Potters Road Berries, located at 145476 Potters Rd. (519-842-2723), is a popular destination for anyone looking for fresh strawberries – picked for you or ‘u pick.’

“We have people travelling from far away – from London and Kitchener and Toronto to come out and pick berries,” Verbruggen noted.

This year the strawberries came into season a bit early.

“We’ve only had one other year that opened up on June 6. I’d say we’re a week earlier this year compared to other years.”

During an earlier stretch of cold weather when there was a risk of frost for six to seven days, the plants were protected by cloth ‘blankets’ to prevent them from freezing.

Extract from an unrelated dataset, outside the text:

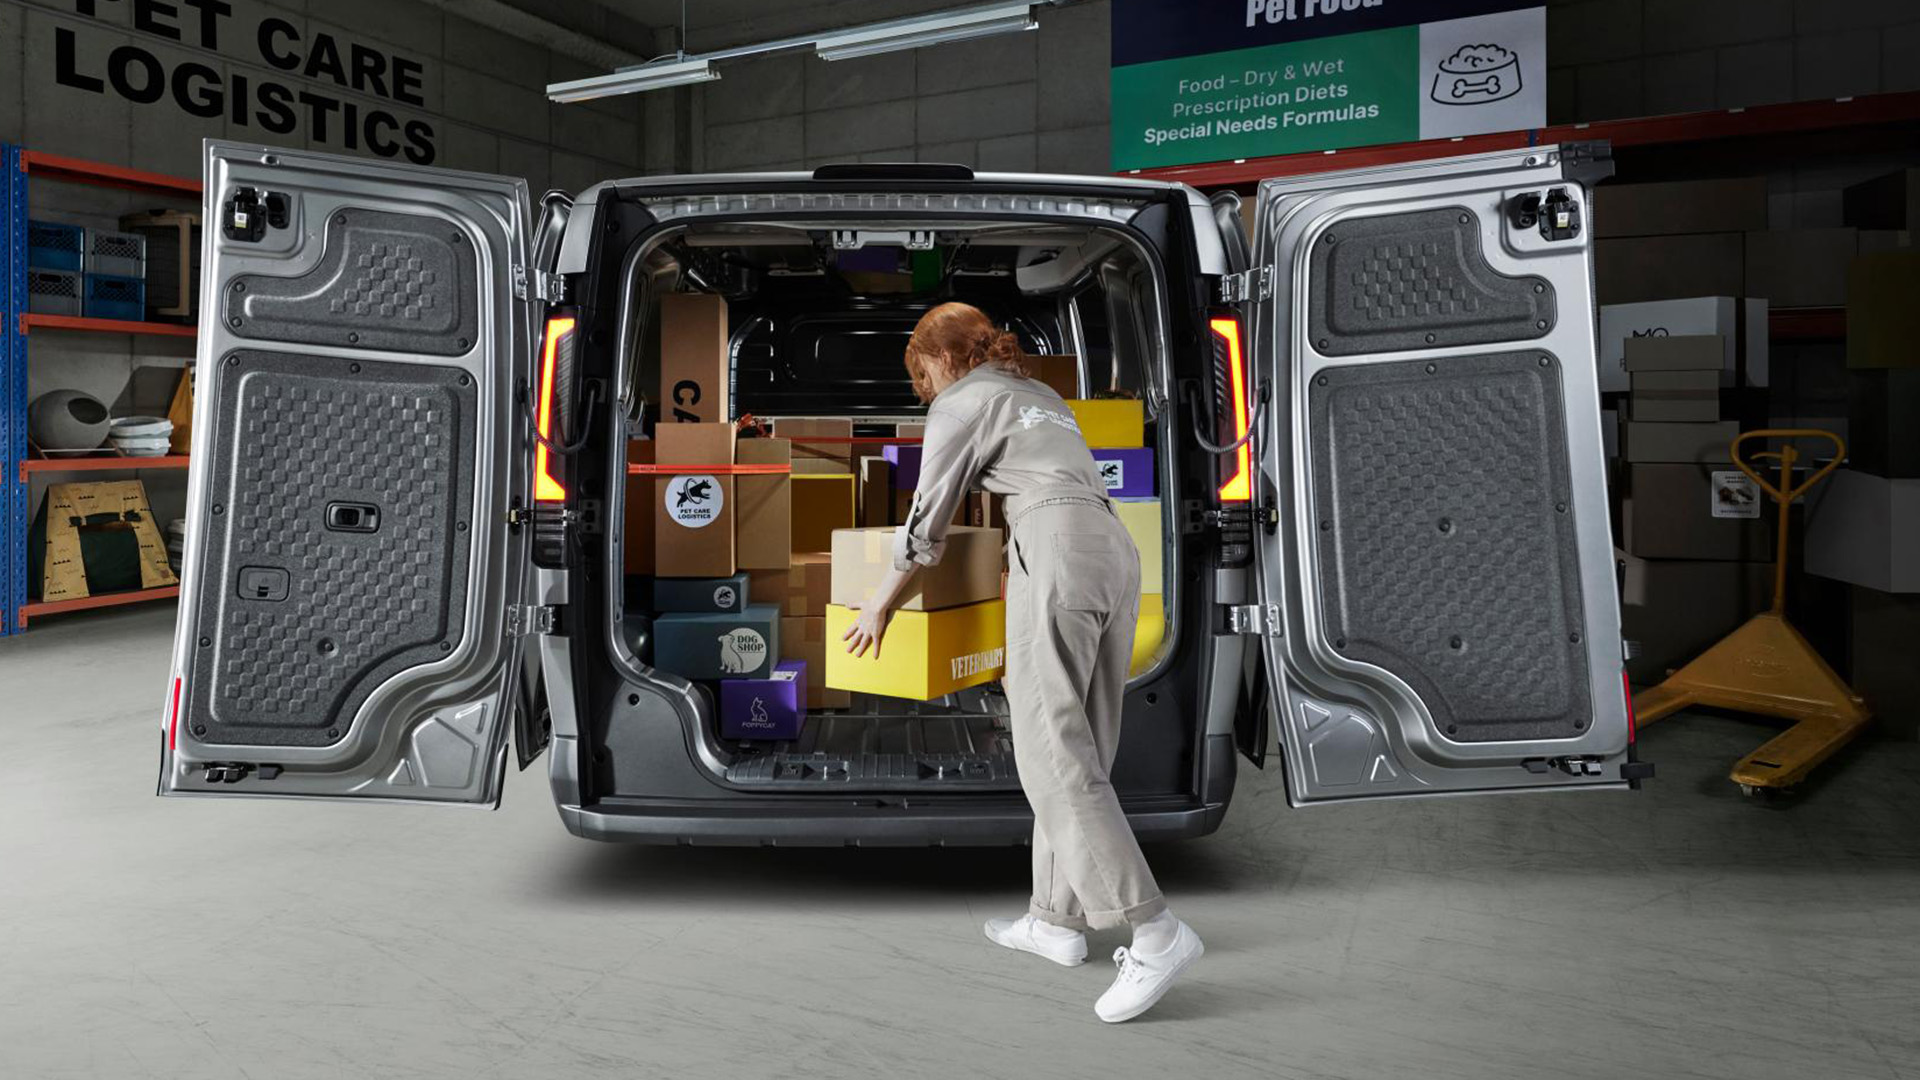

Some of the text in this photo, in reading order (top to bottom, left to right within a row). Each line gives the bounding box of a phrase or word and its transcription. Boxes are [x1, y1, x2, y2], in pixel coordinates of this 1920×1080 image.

“We think that contributed to maybe bringing them on earlier because they were warm underneath that frost protection blanket.”

So far the 2021 strawberry crop has been excellent – for both quantity and quality. Something you can instantly taste.

“We’ve got a good supply of berries,” Verbruggen nodded.

The ‘pick your own’ style of purchasing berries is very popular for families, especially during the pandemic when people are looking for safe outdoor activities.

“Families can come out and pick their own and have some fun.”

If customers do not have their own containers, they (baskets and quarts) can be purchased at the farm. Open from 8 a.m. to 8 p.m. weekdays and 8 a.m. to 6 p.m. on weekends, they have long hours during the strawberry season.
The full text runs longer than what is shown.